1) FUNdamental (males and females 6-10): The emphasis is on the overall development of a young athletes physical capacities, movement skills and the ABC’s of athleticism. Athletes are encouraged to participate in a broad range of sports with a wide variety of movement patterns and movement challenges. Speed, Power and endurance and developed through exposure to fun games. This is a chance to introduce athletes to the basics of rules and ethics in sport.

2) Training to Train (males 10-14 and females 10-13): As the name suggests this stage is targeted around teaching athletes how to train. Athletes begin to learn the skills of a specific sport. During this stage training starts to become more structured incorporating the elements that will form the essence of training in the years to come including, technical and tactical skills, warm-up/cool-down, stretching, hydration, and recovery, mental preparation and tapering. During competition athletes play to win however the major focus of this stage should be on enhancing their training and learning. A 75:25 training: competition/competitive training ratio is recommended by experts during this stage.

3) Training to Compete (males 14-18 and females 13-17): This stages see a change in the focus of training with an even split between training devoted to technical and tactical skills and training devoted to competition specific training and competition itself. Once an athlete reaches the training to compete stage training is usually provided to an athlete all year round. This stage sees the refinement of both basic and sports specific skills and brings these to bear in a competitive training environment.

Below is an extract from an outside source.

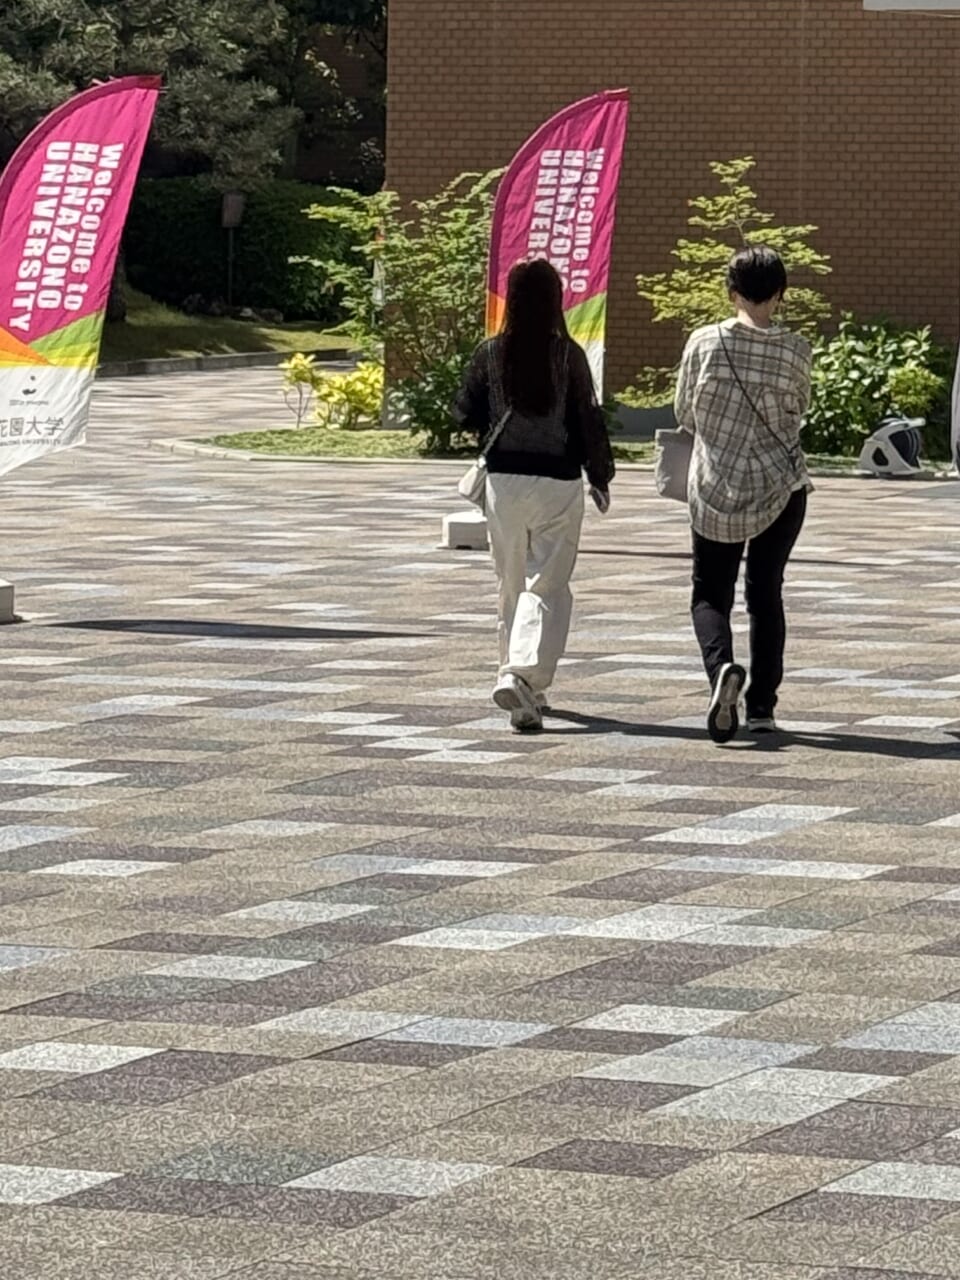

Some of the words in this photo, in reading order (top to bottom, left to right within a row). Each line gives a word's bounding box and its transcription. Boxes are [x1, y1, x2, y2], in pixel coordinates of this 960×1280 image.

4) Training to Win (males 18 and older, females 17 and older): This stage is the culmination of athletic preparation, all of the athlete’s physical, mental, tactical and ancillary capacities are all fully developed. The focus of training becomes about the optimisation of performance, training is high in intensity, frequency and volume and as such periodisation of training becomes of utmost importance. Training vs competitive training/competition ratios are further pushed to bias competition and competitive training at 25:75.

5) Retirement/Retaining: The 5th and final stage is Balyi’s stages of long term athlete development. This stage deals with an athletes post competitive life after an athlete has permanently retired from competition. At this stage some athletes utilize their knowledge gained throughout their career to move into post competition roles including coaching, officiating, sports administration and business.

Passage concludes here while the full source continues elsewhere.